PROMPT:
Restate the following data in its entirety, word for word and without images.

(ENTRIES PROVIDED)

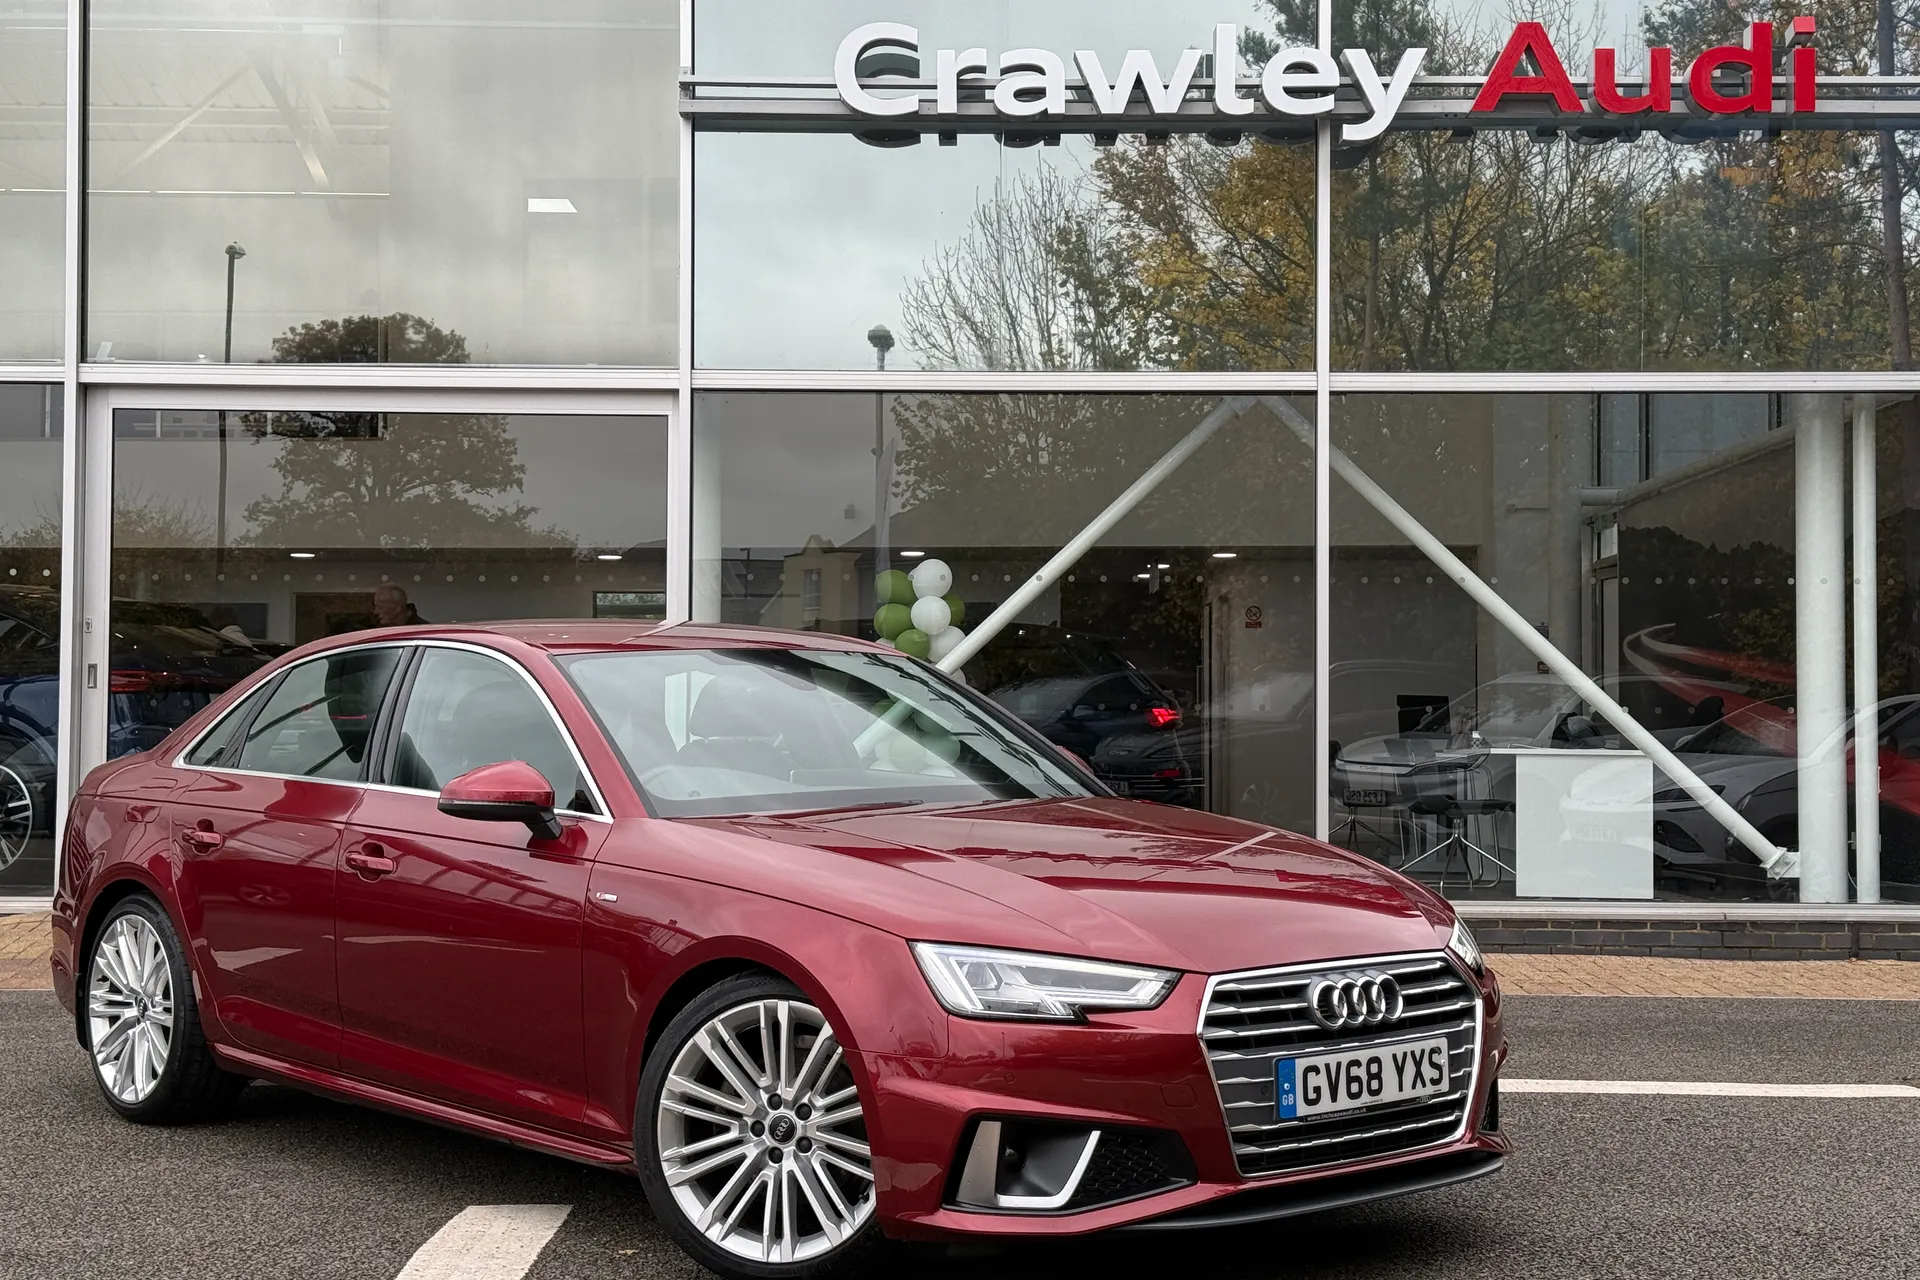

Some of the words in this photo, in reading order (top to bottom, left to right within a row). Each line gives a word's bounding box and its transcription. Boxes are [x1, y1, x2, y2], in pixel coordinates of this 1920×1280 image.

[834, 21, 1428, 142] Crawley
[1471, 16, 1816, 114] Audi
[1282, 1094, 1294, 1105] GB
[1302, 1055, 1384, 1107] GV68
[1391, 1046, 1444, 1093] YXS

(End ENTRIES PROVIDED)

OUTPUT OF THE TASK:
Some of the words in this photo, in reading order (top to bottom, left to right within a row). Each line gives a word's bounding box and its transcription. Boxes are [x1, y1, x2, y2], in pixel coordinates of this 1920×1280 image.

[834, 21, 1428, 142] Crawley
[1471, 16, 1816, 114] Audi
[1282, 1094, 1294, 1105] GB
[1302, 1055, 1384, 1107] GV68
[1391, 1046, 1444, 1093] YXS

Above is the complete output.